The twelve full-time faculty and two affiliated faculty in BU’s Department of Musicology & Ethnomusicology work on Early, Baroque, Romantic, Modernist and Avant-Garde music in the European classical tradition as well as jazz, ragtime, rock, and  music in South and East Asia, sub-Saharan Africa, Latin America, the Caribbean, Europe, and the United States (including Black Boston). Our faculty’s theoretical focuses include race, the body, historical performance, global queer identities, protest, politics, ritual, violence, technology, sound studies, manuscript studies, post-colonial studies, modernity, and medical ethnomusicology

Degrees Offered

Featured Faculty

Michael Birenbaum Quintero

Meet the Chair of Musicology & Ethnomusicology at BU

For Michael Birenbaum Quintero, associate professor of music and chair of BU’s musicology and ethnomusicology department, his roots led him to his discovery of wanting to become an ethnomusicologist. As a Colombian-American, Quintero has spent his life studying Black cultural politics in Latin America, examining the place of music in both the Afro-Colombian social movement and the cultural policy of the state under neoliberal multiculturalism.

In CFA’s Faculty Feature series, the award-winning ethnomusicologist talks with CFA about what makes BU’s programs in musicology and ethnomusicology distinct and how the department he leads supports students in their graduate-level studies.
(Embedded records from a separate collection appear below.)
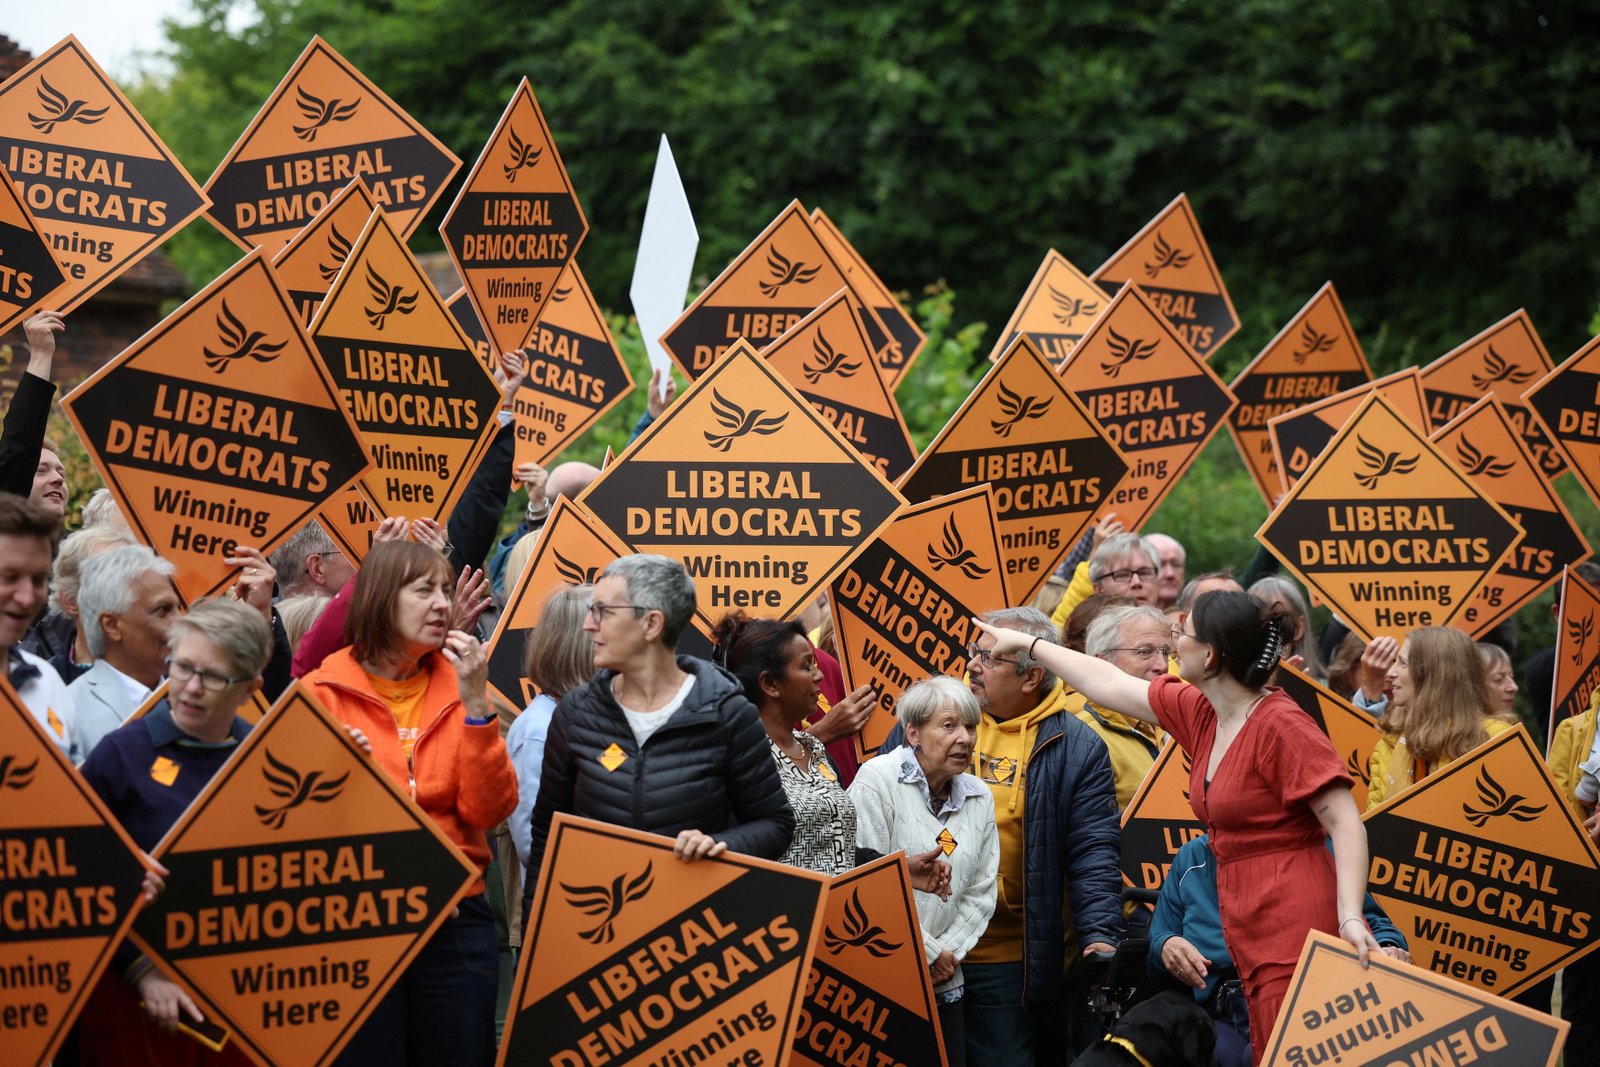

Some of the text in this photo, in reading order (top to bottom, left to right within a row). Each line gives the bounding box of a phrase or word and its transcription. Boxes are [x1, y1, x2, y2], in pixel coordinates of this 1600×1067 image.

[2, 145, 133, 189] IBERAL
[265, 147, 392, 191] LIBERAL
[13, 180, 168, 227] OCRATS
[235, 174, 427, 230] DEMOATS
[483, 199, 553, 226] LIBERAL
[462, 233, 569, 261] DEMOCRATS
[486, 277, 543, 304] Winning
[496, 304, 530, 325] Here
[343, 347, 450, 388] LIBERAL
[1087, 384, 1180, 419] IBERAL
[1263, 376, 1341, 400] LIBERAL
[153, 384, 299, 446] LIBERAL
[339, 388, 479, 431] EMOCRATS
[514, 398, 567, 433] nning
[1102, 410, 1207, 446] OCRATS
[516, 424, 547, 447] ere
[105, 418, 331, 495] DEMOCRATS
[960, 447, 1074, 484] LIBERAL
[386, 476, 435, 504] Here
[666, 470, 821, 499] LIBERAL
[996, 476, 1102, 514] OCRATS
[1109, 486, 1149, 506] ere
[153, 486, 270, 539] Winning
[626, 507, 862, 537] DEMOCRATS
[1327, 505, 1454, 533] LIBERAL
[170, 523, 238, 559] Here
[1000, 525, 1061, 550] nning
[1298, 537, 1491, 566] DEMOCRATS
[683, 554, 809, 585] Winning
[1006, 556, 1040, 575] ere
[711, 584, 782, 607] Here
[1350, 580, 1452, 606] Winning
[838, 567, 967, 681] DEMOCRA
[1374, 608, 1433, 628] Here
[862, 637, 922, 692] Winn
[211, 843, 385, 897] LIBERAL
[1414, 830, 1559, 895] LIBERAL
[3, 885, 118, 932] CRATS
[1368, 855, 1592, 940] DEMOCRATS
[165, 885, 429, 949] DEMOCRATS
[1413, 915, 1531, 973] Winning
[230, 956, 371, 996] Winning
[566, 906, 739, 1024] LIBERAL
[1430, 950, 1498, 987] Here
[549, 914, 800, 1067] DEMOCRATS
[1302, 981, 1382, 1031] Here
[0, 1002, 49, 1030] ere
[262, 999, 341, 1029] Here
[1285, 1000, 1425, 1067] Winning
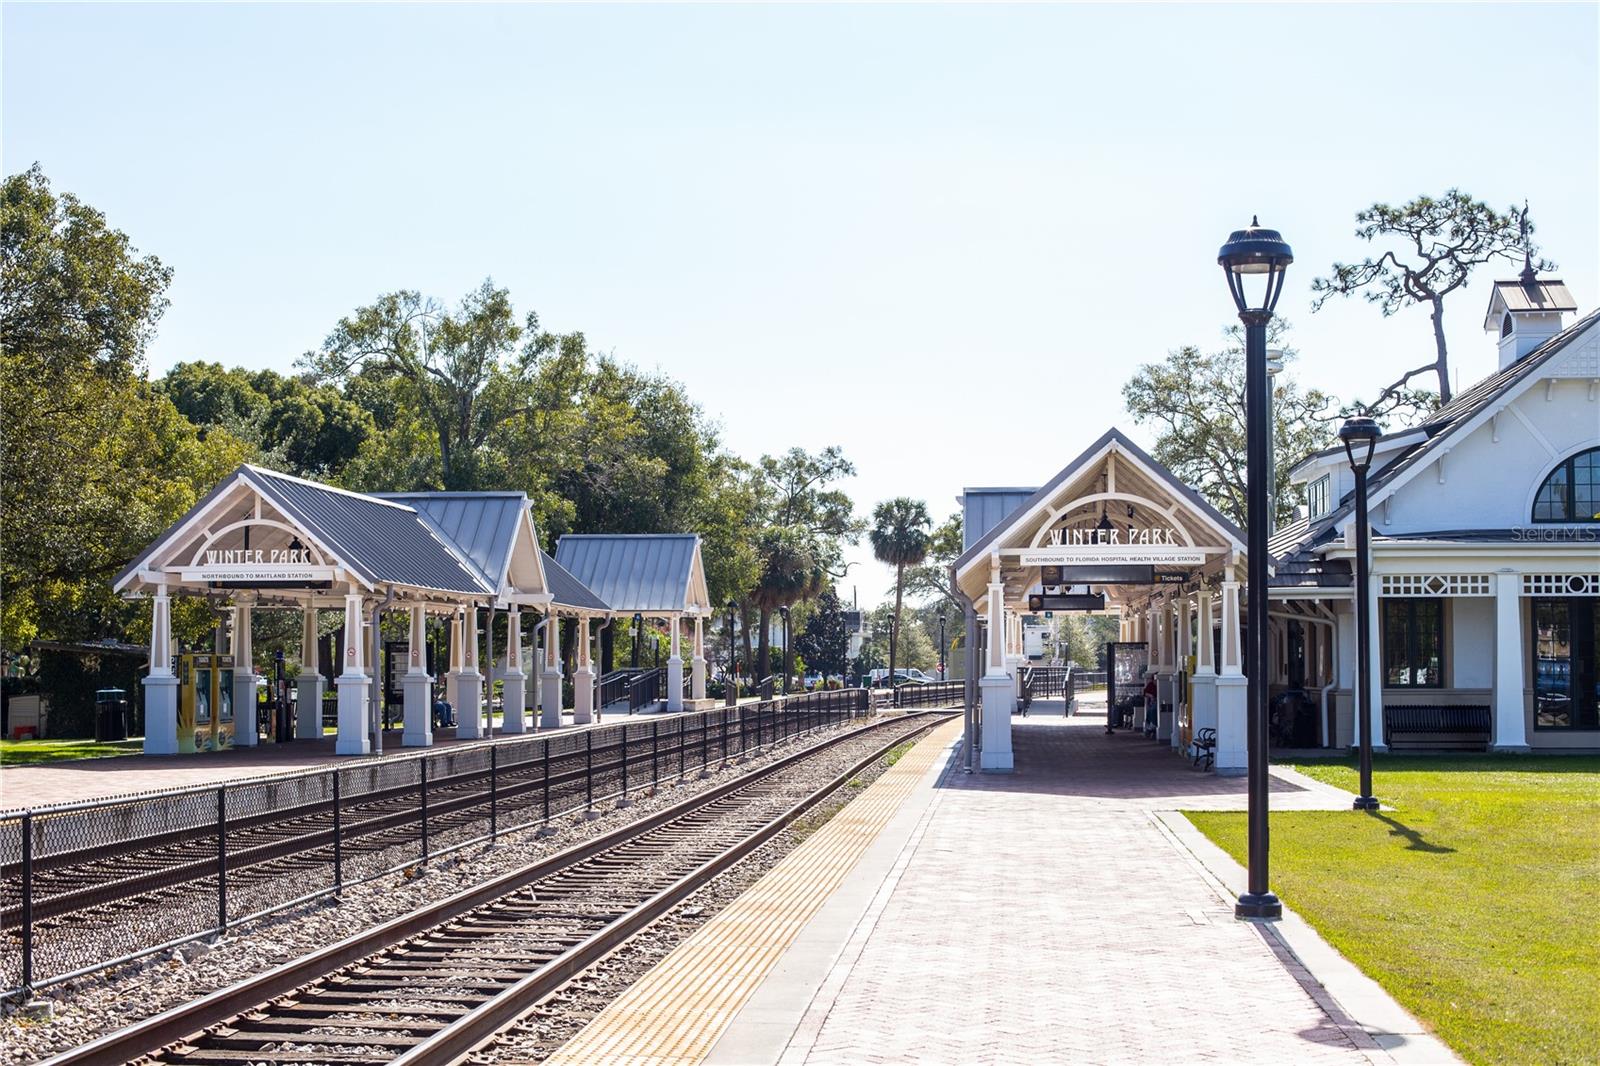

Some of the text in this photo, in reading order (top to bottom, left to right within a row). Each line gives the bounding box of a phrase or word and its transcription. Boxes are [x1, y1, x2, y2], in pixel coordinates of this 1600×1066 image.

[1049, 528, 1176, 545] WINTER PARK
[206, 549, 311, 564] WINTER PARK
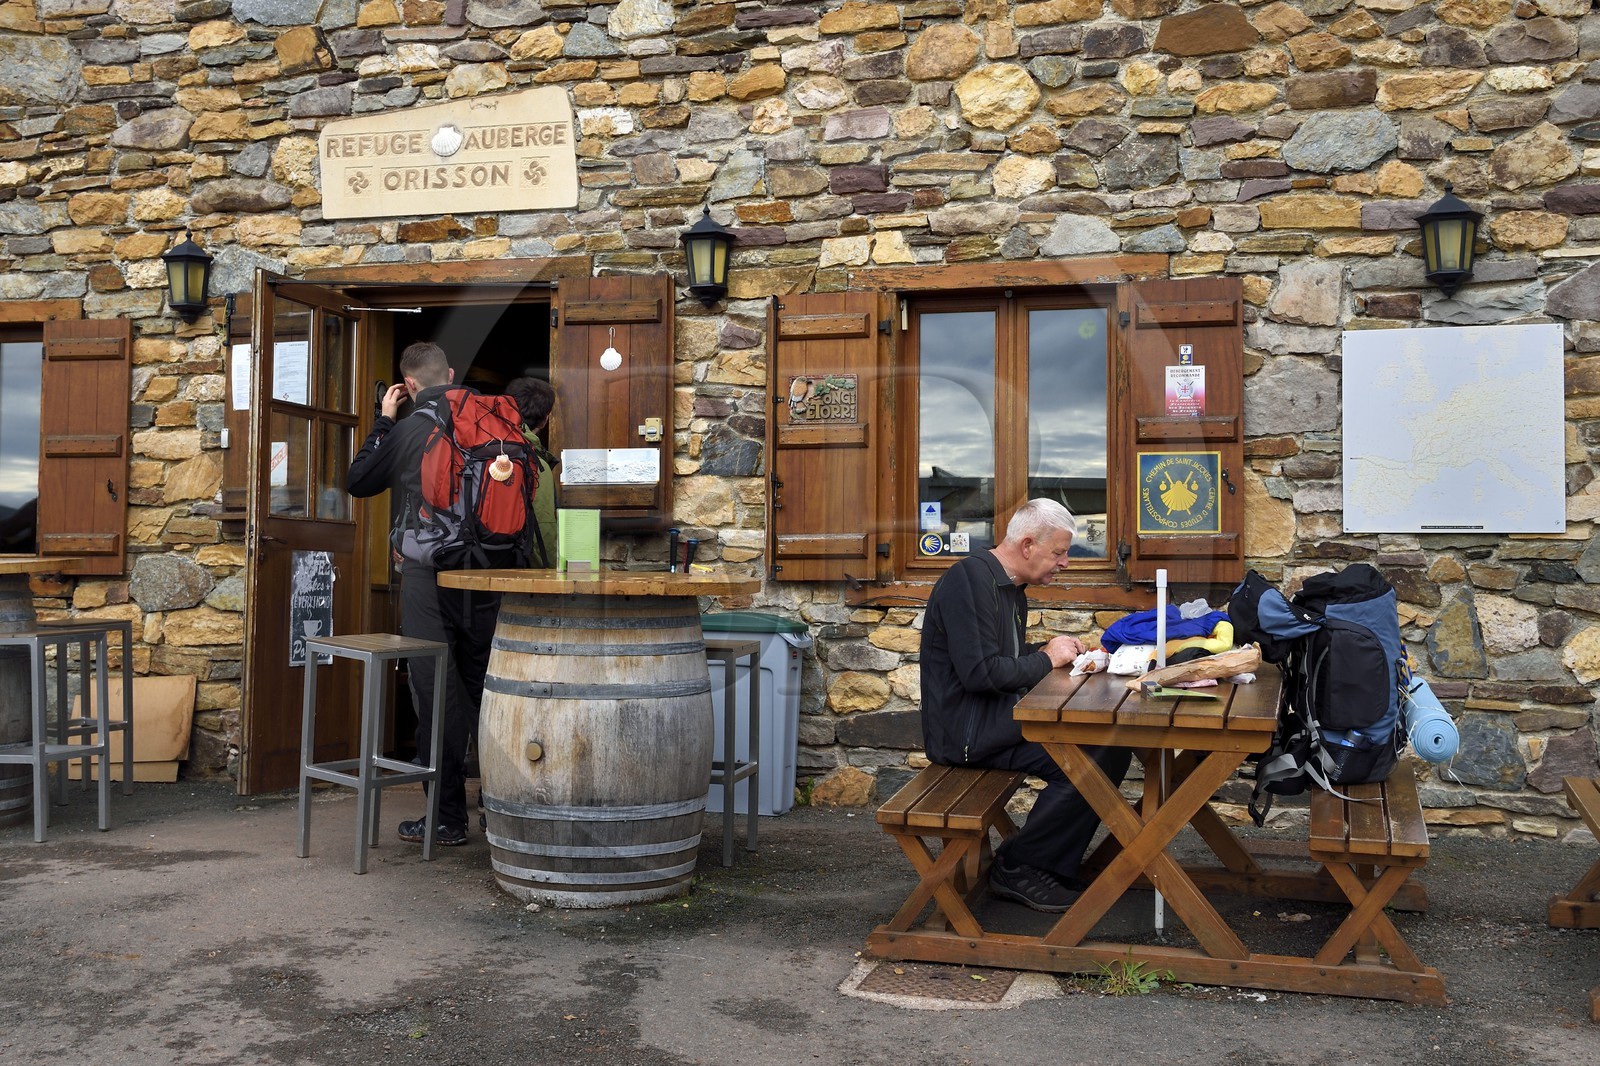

“One of the things that distinguishes our department is that we’re interested in breaking down the barriers between musicology and ethnomusicology. We’re very interested in historical research on music outside and inside of the West. We’re interested in classical music as a living practice and a historical legacy. We think about, theorize about, and collaborate with living classical musicians and audiences and non-western musicians and communities. This is an important aspect of the identity of the department.”